Dataset entries

------------------------------------------------

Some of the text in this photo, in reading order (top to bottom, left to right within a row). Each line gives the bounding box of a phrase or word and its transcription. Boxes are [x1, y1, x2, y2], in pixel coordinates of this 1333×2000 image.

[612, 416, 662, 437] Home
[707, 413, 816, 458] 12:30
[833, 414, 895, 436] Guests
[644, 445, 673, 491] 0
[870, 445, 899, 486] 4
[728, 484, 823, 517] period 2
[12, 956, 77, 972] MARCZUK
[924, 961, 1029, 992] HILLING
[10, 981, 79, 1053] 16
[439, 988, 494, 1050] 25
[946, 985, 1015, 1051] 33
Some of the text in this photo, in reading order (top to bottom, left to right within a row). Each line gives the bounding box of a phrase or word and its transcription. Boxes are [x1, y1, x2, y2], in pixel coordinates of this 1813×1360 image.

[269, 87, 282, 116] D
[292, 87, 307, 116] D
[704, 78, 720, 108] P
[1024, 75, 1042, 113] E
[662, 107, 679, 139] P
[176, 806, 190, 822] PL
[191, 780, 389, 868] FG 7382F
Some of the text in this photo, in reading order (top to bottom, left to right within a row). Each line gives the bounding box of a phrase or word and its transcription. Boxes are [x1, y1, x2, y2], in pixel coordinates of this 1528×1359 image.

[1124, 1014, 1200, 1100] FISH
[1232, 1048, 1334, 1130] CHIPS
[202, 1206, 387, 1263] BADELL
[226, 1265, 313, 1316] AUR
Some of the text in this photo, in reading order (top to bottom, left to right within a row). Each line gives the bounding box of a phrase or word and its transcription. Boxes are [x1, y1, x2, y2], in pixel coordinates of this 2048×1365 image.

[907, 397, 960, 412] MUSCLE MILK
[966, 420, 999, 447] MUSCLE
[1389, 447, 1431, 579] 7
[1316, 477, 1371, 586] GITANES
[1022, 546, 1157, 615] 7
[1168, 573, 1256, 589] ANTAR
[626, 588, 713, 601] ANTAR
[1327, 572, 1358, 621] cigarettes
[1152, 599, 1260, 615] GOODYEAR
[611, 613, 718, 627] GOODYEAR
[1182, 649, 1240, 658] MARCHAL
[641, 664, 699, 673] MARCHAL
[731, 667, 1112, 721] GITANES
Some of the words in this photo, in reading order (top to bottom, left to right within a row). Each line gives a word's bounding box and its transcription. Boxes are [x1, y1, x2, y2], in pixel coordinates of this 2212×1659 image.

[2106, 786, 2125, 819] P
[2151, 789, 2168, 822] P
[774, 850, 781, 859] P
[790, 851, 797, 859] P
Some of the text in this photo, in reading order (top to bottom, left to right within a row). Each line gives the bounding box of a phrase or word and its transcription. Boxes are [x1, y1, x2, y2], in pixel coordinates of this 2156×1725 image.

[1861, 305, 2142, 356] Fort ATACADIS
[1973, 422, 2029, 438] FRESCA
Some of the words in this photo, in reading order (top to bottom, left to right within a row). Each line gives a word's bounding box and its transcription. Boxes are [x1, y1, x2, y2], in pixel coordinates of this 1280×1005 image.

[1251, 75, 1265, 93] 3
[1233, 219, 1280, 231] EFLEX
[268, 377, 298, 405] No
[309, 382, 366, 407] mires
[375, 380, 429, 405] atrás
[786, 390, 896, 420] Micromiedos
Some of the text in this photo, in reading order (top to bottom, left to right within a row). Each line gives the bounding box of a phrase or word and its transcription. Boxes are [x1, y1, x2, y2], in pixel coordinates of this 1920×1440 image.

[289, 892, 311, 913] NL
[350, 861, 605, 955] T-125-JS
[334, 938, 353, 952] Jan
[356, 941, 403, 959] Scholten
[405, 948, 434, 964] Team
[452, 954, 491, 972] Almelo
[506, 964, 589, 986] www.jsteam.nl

------------------------------------------------

- **WHAT THIS TASK INVOLVES**: The data above is to be given again, with every line exact.

- **ANSWER TO THE PROBLEM**:
Some of the text in this photo, in reading order (top to bottom, left to right within a row). Each line gives the bounding box of a phrase or word and its transcription. Boxes are [x1, y1, x2, y2], in pixel coordinates of this 1333×2000 image.

[612, 416, 662, 437] Home
[707, 413, 816, 458] 12:30
[833, 414, 895, 436] Guests
[644, 445, 673, 491] 0
[870, 445, 899, 486] 4
[728, 484, 823, 517] period 2
[12, 956, 77, 972] MARCZUK
[924, 961, 1029, 992] HILLING
[10, 981, 79, 1053] 16
[439, 988, 494, 1050] 25
[946, 985, 1015, 1051] 33
Some of the text in this photo, in reading order (top to bottom, left to right within a row). Each line gives the bounding box of a phrase or word and its transcription. Boxes are [x1, y1, x2, y2], in pixel coordinates of this 1813×1360 image.

[269, 87, 282, 116] D
[292, 87, 307, 116] D
[704, 78, 720, 108] P
[1024, 75, 1042, 113] E
[662, 107, 679, 139] P
[176, 806, 190, 822] PL
[191, 780, 389, 868] FG 7382F
Some of the text in this photo, in reading order (top to bottom, left to right within a row). Each line gives the bounding box of a phrase or word and its transcription. Boxes are [x1, y1, x2, y2], in pixel coordinates of this 1528×1359 image.

[1124, 1014, 1200, 1100] FISH
[1232, 1048, 1334, 1130] CHIPS
[202, 1206, 387, 1263] BADELL
[226, 1265, 313, 1316] AUR
Some of the text in this photo, in reading order (top to bottom, left to right within a row). Each line gives the bounding box of a phrase or word and its transcription. Boxes are [x1, y1, x2, y2], in pixel coordinates of this 2048×1365 image.

[907, 397, 960, 412] MUSCLE MILK
[966, 420, 999, 447] MUSCLE
[1389, 447, 1431, 579] 7
[1316, 477, 1371, 586] GITANES
[1022, 546, 1157, 615] 7
[1168, 573, 1256, 589] ANTAR
[626, 588, 713, 601] ANTAR
[1327, 572, 1358, 621] cigarettes
[1152, 599, 1260, 615] GOODYEAR
[611, 613, 718, 627] GOODYEAR
[1182, 649, 1240, 658] MARCHAL
[641, 664, 699, 673] MARCHAL
[731, 667, 1112, 721] GITANES
Some of the words in this photo, in reading order (top to bottom, left to right within a row). Each line gives a word's bounding box and its transcription. Boxes are [x1, y1, x2, y2], in pixel coordinates of this 2212×1659 image.

[2106, 786, 2125, 819] P
[2151, 789, 2168, 822] P
[774, 850, 781, 859] P
[790, 851, 797, 859] P
Some of the text in this photo, in reading order (top to bottom, left to right within a row). Each line gives the bounding box of a phrase or word and its transcription. Boxes are [x1, y1, x2, y2], in pixel coordinates of this 2156×1725 image.

[1861, 305, 2142, 356] Fort ATACADIS
[1973, 422, 2029, 438] FRESCA
Some of the words in this photo, in reading order (top to bottom, left to right within a row). Each line gives a word's bounding box and its transcription. Boxes are [x1, y1, x2, y2], in pixel coordinates of this 1280×1005 image.

[1251, 75, 1265, 93] 3
[1233, 219, 1280, 231] EFLEX
[268, 377, 298, 405] No
[309, 382, 366, 407] mires
[375, 380, 429, 405] atrás
[786, 390, 896, 420] Micromiedos
Some of the text in this photo, in reading order (top to bottom, left to right within a row). Each line gives the bounding box of a phrase or word and its transcription. Boxes are [x1, y1, x2, y2], in pixel coordinates of this 1920×1440 image.

[289, 892, 311, 913] NL
[350, 861, 605, 955] T-125-JS
[334, 938, 353, 952] Jan
[356, 941, 403, 959] Scholten
[405, 948, 434, 964] Team
[452, 954, 491, 972] Almelo
[506, 964, 589, 986] www.jsteam.nl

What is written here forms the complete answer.